校長室から
校長 藤原 孝子
黒門小学校の前身は、明治37年5月7日に仲御徒町に開校した東京市仲徒尋常小学校にあり、宮川 盛初代校長が着任したところから始まりました。明治43年、現在地に木造2階建ての校舎が竣工、東京市黒門尋常小学校として開校して以来、本年は98周年を迎えます。
黒門小学校は、子どもたちを心から愛し、学校を大切に思い守ってこられた保護者や地域の方々、そして同窓会の強い愛校心を受け継ぐ多くの同窓生の方々によって支えられています。大正12年9月2日に起こった関東大震災で全校舎を焼失したときに、すぐ翌月から露天・天幕教室をしつらえて授業を再開できたのも保護者や地域、同窓生の方々のご尽力のおかげであったと聞いております。
昭和5年に鉄筋コンクリート3階建ての校舎が新築落成し、11月に校歌も制定されました。

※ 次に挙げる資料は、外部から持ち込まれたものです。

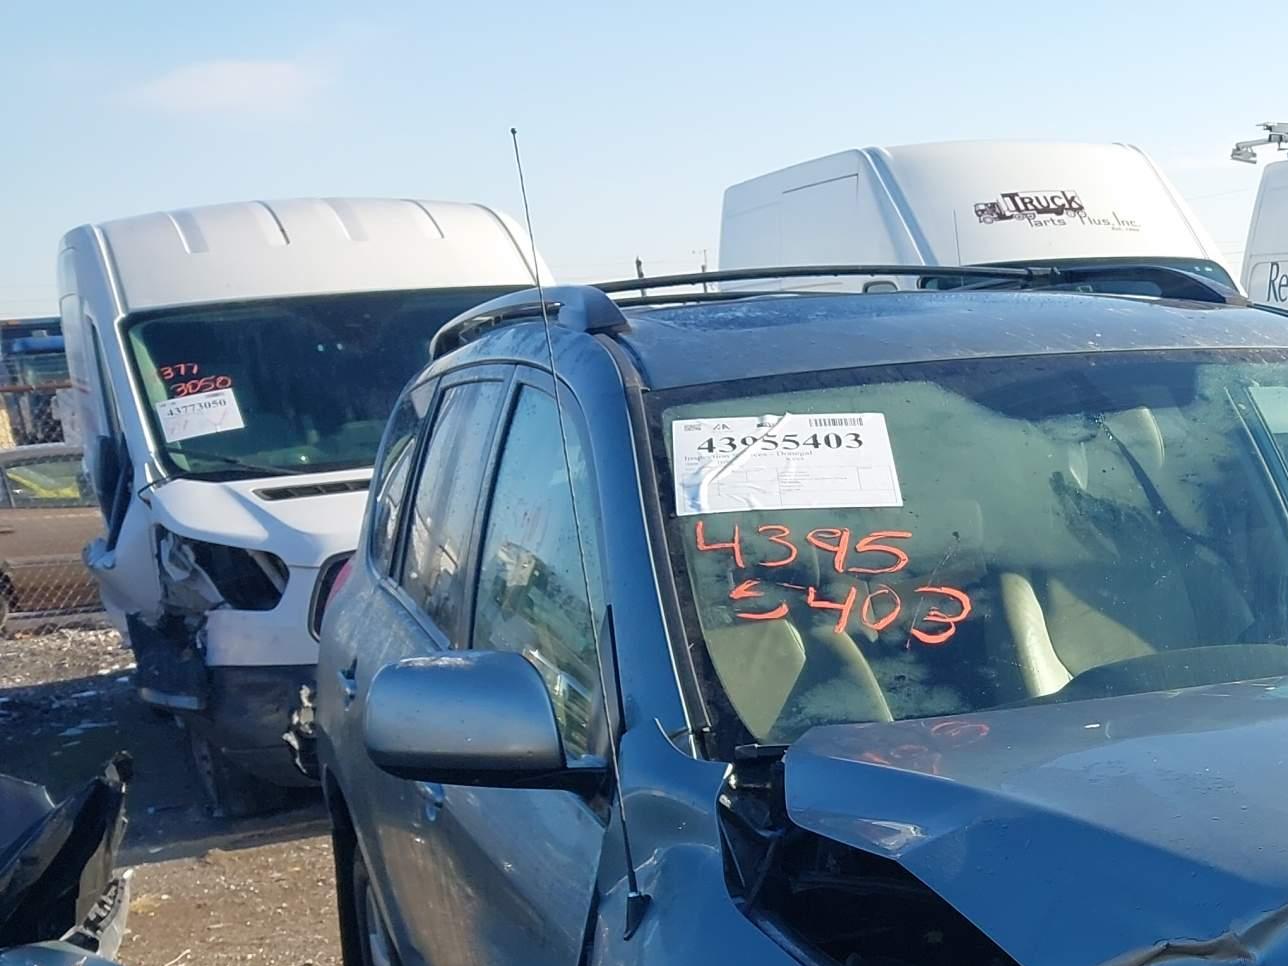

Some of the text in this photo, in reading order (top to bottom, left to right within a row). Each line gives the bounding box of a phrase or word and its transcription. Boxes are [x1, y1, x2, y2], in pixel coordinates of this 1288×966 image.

[170, 375, 232, 397] 3050
[167, 399, 227, 417] 43773050
[697, 432, 864, 454] 43955403
[694, 520, 913, 575] 4395
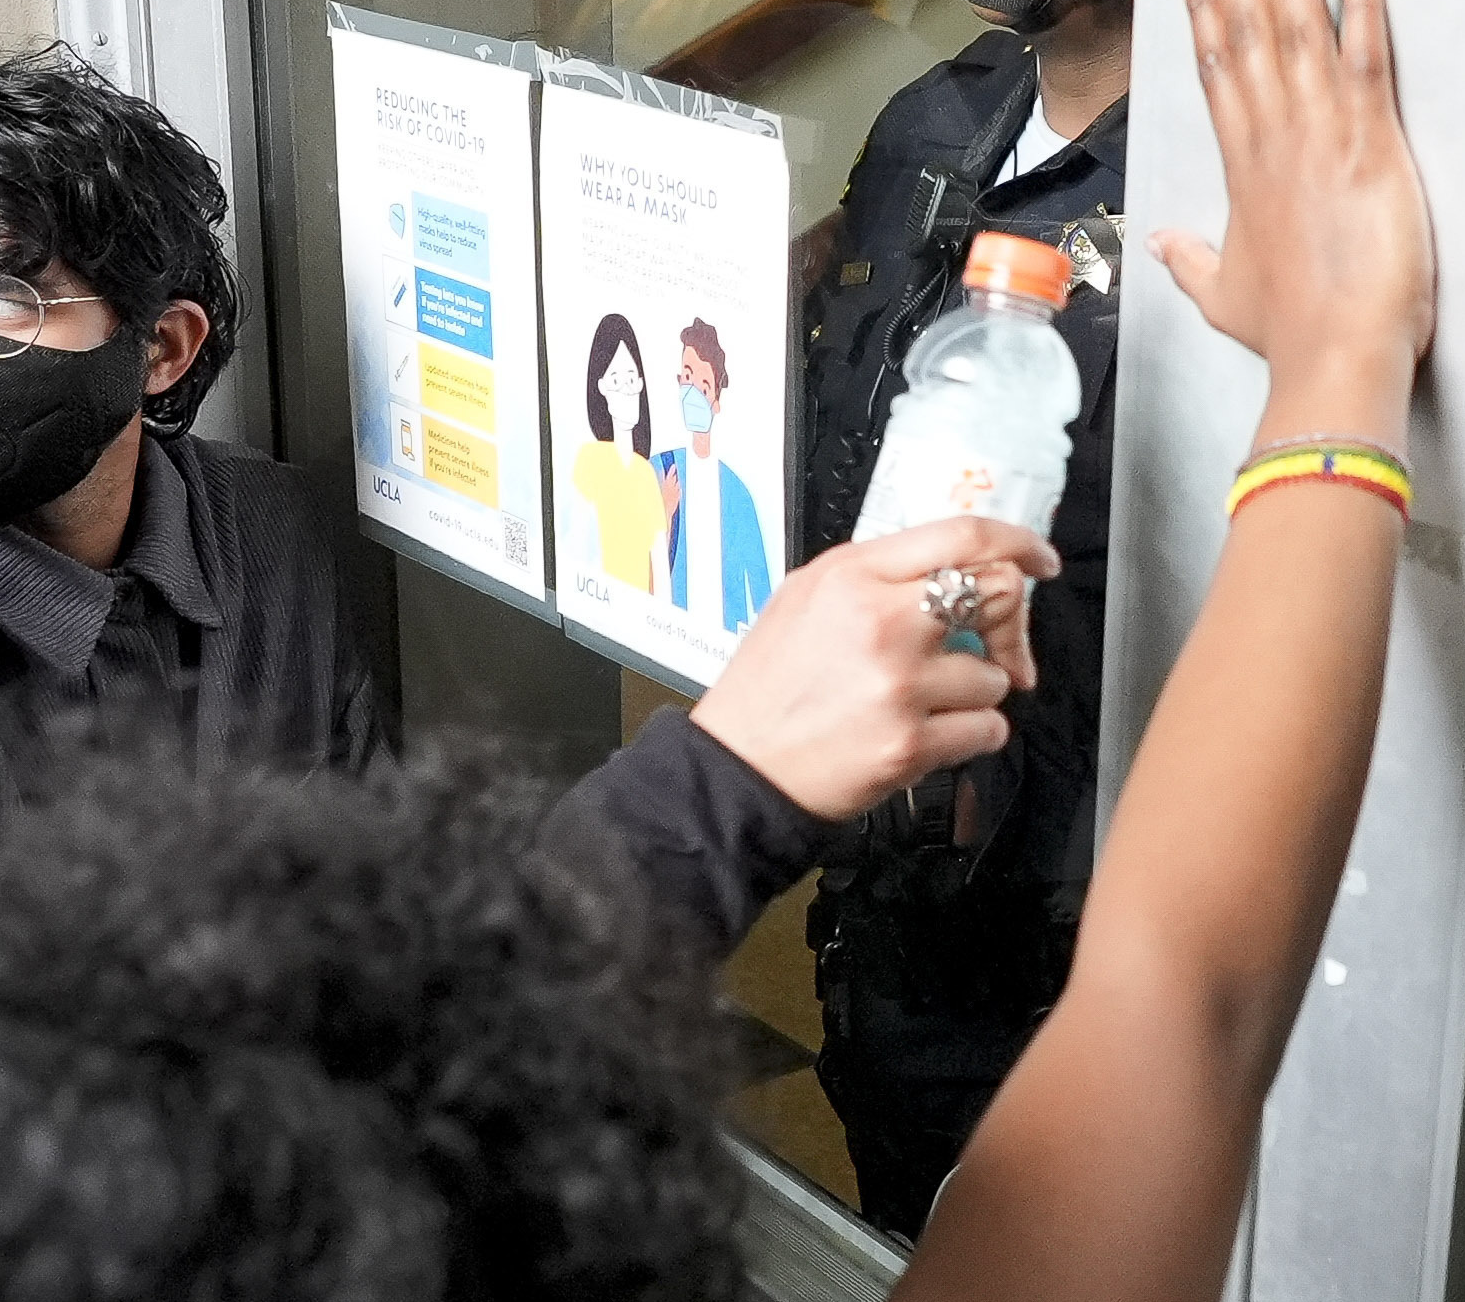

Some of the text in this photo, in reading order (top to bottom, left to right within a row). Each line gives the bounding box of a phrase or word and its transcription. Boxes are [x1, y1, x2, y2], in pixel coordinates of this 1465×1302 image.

[376, 87, 467, 128] REDUCING THE
[377, 109, 485, 155] RISK OF COVID-19
[580, 152, 717, 209] WHY YOU SHOULD
[581, 177, 687, 225] WEAR A MASK
[372, 474, 401, 505] UCLA
[576, 572, 611, 606] UCLA

このときの校舎は、昭和20年の東京大空襲での類焼をまぬがれ現在に至っており、落ち着いた雰囲気のある美しい廊下や階段、教室などそのときの校舎を今も大切に磨き上げて使っています。そのような黒門小学校をこよなく愛する方々によって、善き伝統が98年の長きにわたって受け継がれ、引き継がれ続けています。
上野の町にある本校は、上野の歴史や文化に直接ふれながら学ぶことができる素晴らしい環境にあります。自然と歴史、文化の宝庫である上野の森を日常の学習活動に十分生かし、地域を愛する子どもを育てていきたいと考えます。ふるさとに誇りをもち、ふるさとを大切にする心こそ、新しい時代を心豊かに切り拓きたくましく生きていく基盤であると信じます。
本校の校歌にある「善き児はやがて 善き人と なるを忘るな 怠るな」という言葉は、黒門小学校の教育の真髄を児童の心に深く刻み込むフレーズです。「善く学び、善く遊べ」の精神を大切にして、「やさしい子 たくましい子 考える子」を教育目標に掲げ、教職員一同、その実現のために誠心誠意子どもたちの教育に力を尽くしてまいります。どうぞよろしくお願い申し上げます。